Using the entries below, output exactly the lines from the one containing "this 1512×1551 image." through the final line, both included, and no others.

Recorded data:
- Opening Delimiter -

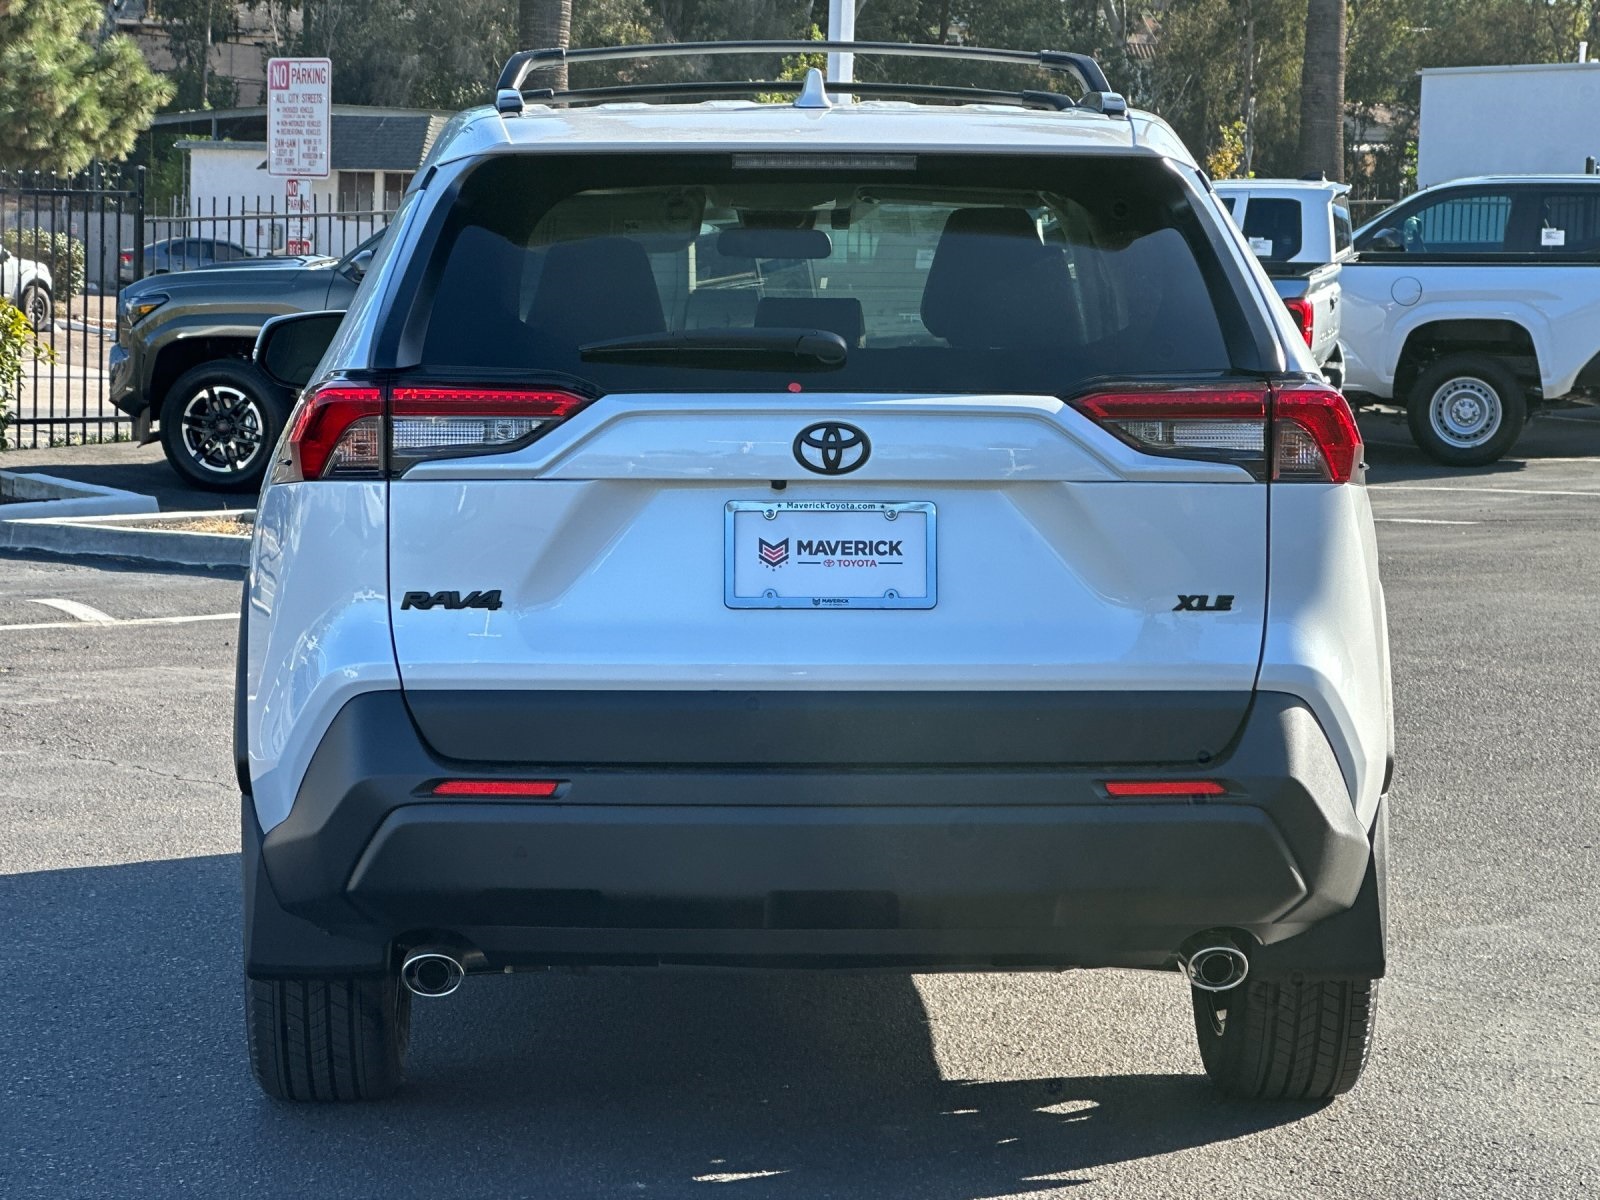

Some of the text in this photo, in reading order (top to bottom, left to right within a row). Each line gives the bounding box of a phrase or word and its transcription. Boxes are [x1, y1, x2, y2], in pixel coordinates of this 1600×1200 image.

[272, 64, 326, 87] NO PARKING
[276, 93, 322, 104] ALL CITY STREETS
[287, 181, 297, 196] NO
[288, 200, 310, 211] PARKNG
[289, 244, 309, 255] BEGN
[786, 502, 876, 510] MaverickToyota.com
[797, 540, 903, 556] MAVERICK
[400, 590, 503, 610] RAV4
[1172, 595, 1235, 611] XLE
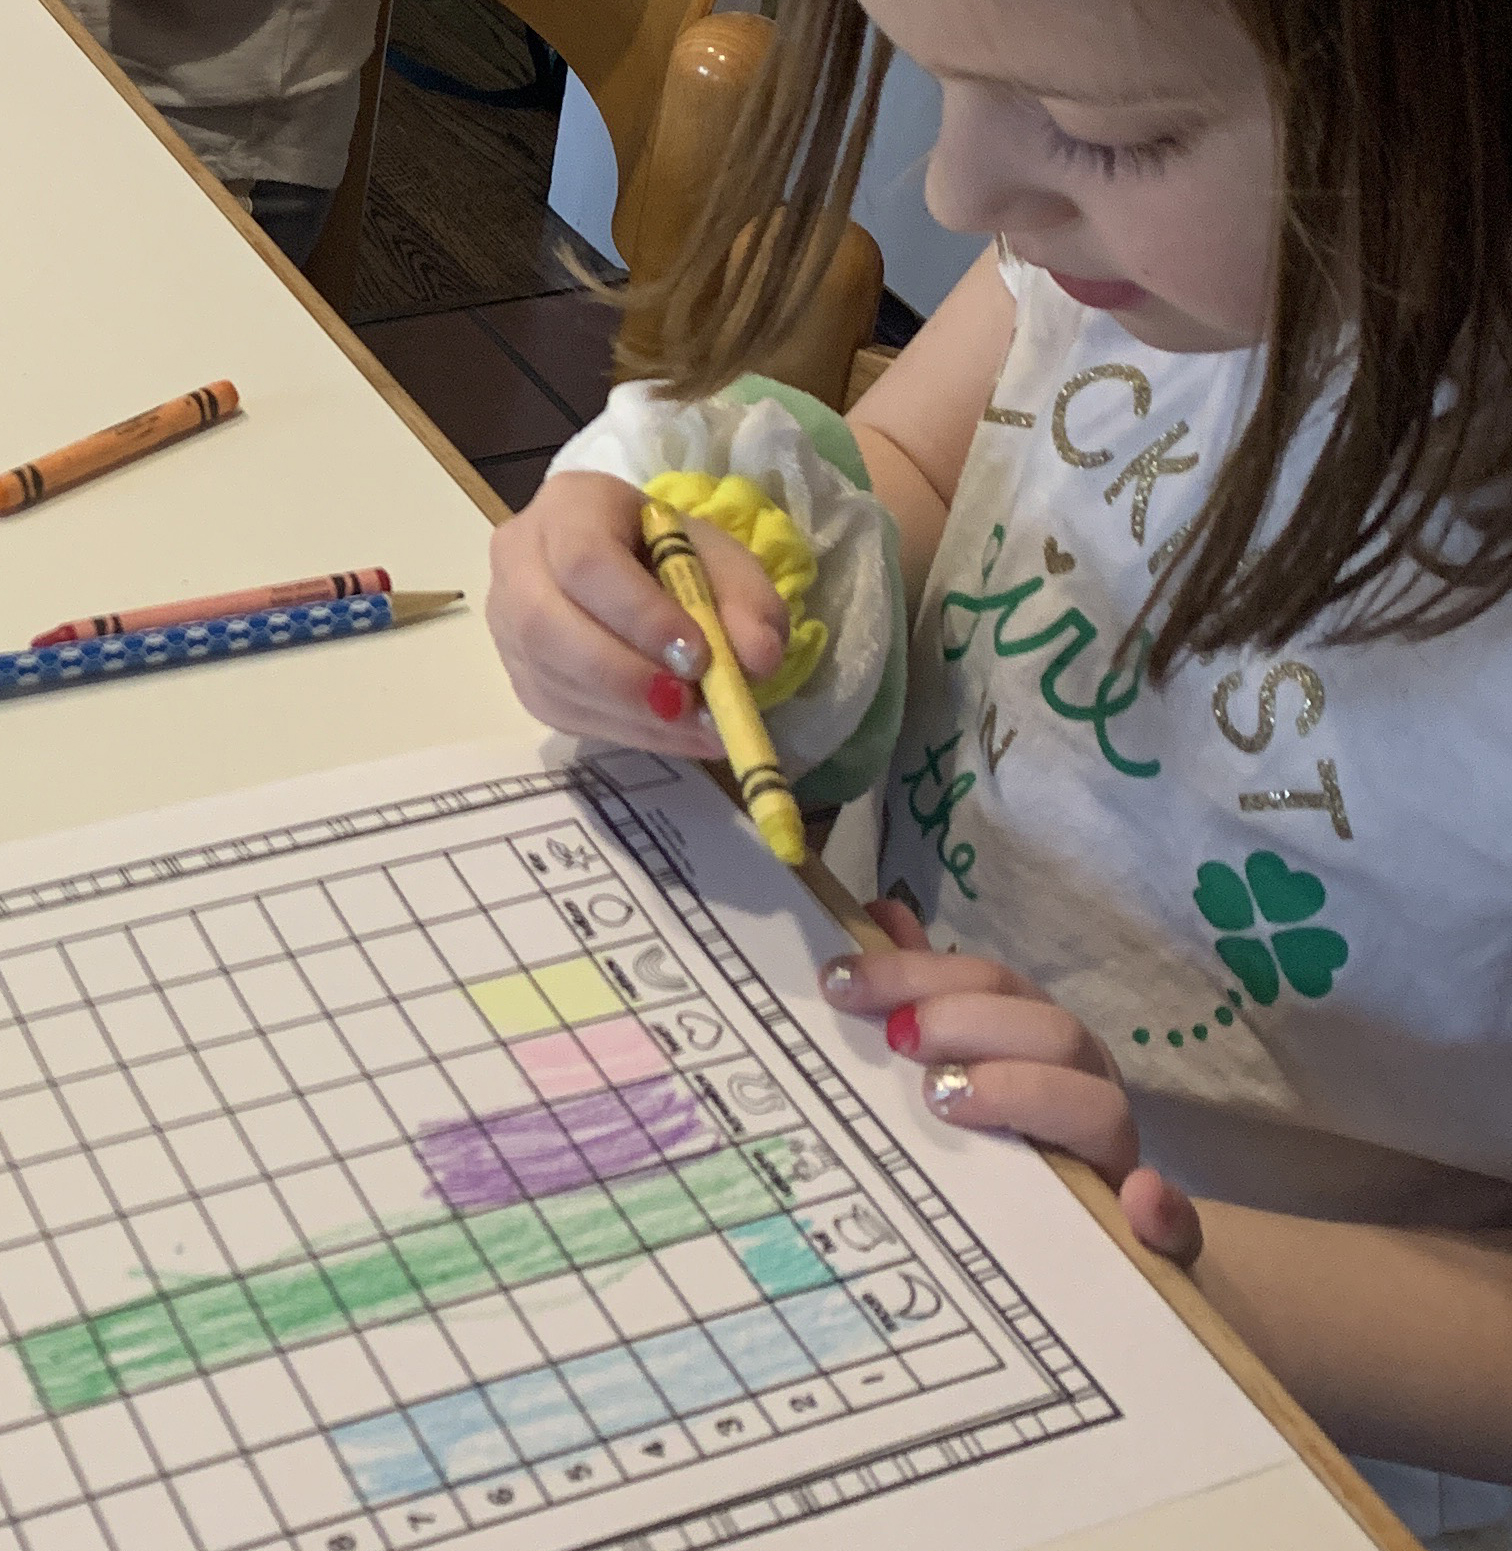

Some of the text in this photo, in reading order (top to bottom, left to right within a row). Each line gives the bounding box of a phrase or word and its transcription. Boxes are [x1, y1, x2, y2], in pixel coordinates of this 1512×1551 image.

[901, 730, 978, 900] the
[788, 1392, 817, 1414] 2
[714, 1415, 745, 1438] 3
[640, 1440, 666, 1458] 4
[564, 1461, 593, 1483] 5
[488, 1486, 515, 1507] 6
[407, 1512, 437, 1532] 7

- Closing Delimiter -

Completed task:
Some of the text in this photo, in reading order (top to bottom, left to right within a row). Each line gives the bounding box of a phrase or word and its transcription. Boxes are [x1, y1, x2, y2], in pixel coordinates of this 1512×1551 image.

[901, 730, 978, 900] the
[788, 1392, 817, 1414] 2
[714, 1415, 745, 1438] 3
[640, 1440, 666, 1458] 4
[564, 1461, 593, 1483] 5
[488, 1486, 515, 1507] 6
[407, 1512, 437, 1532] 7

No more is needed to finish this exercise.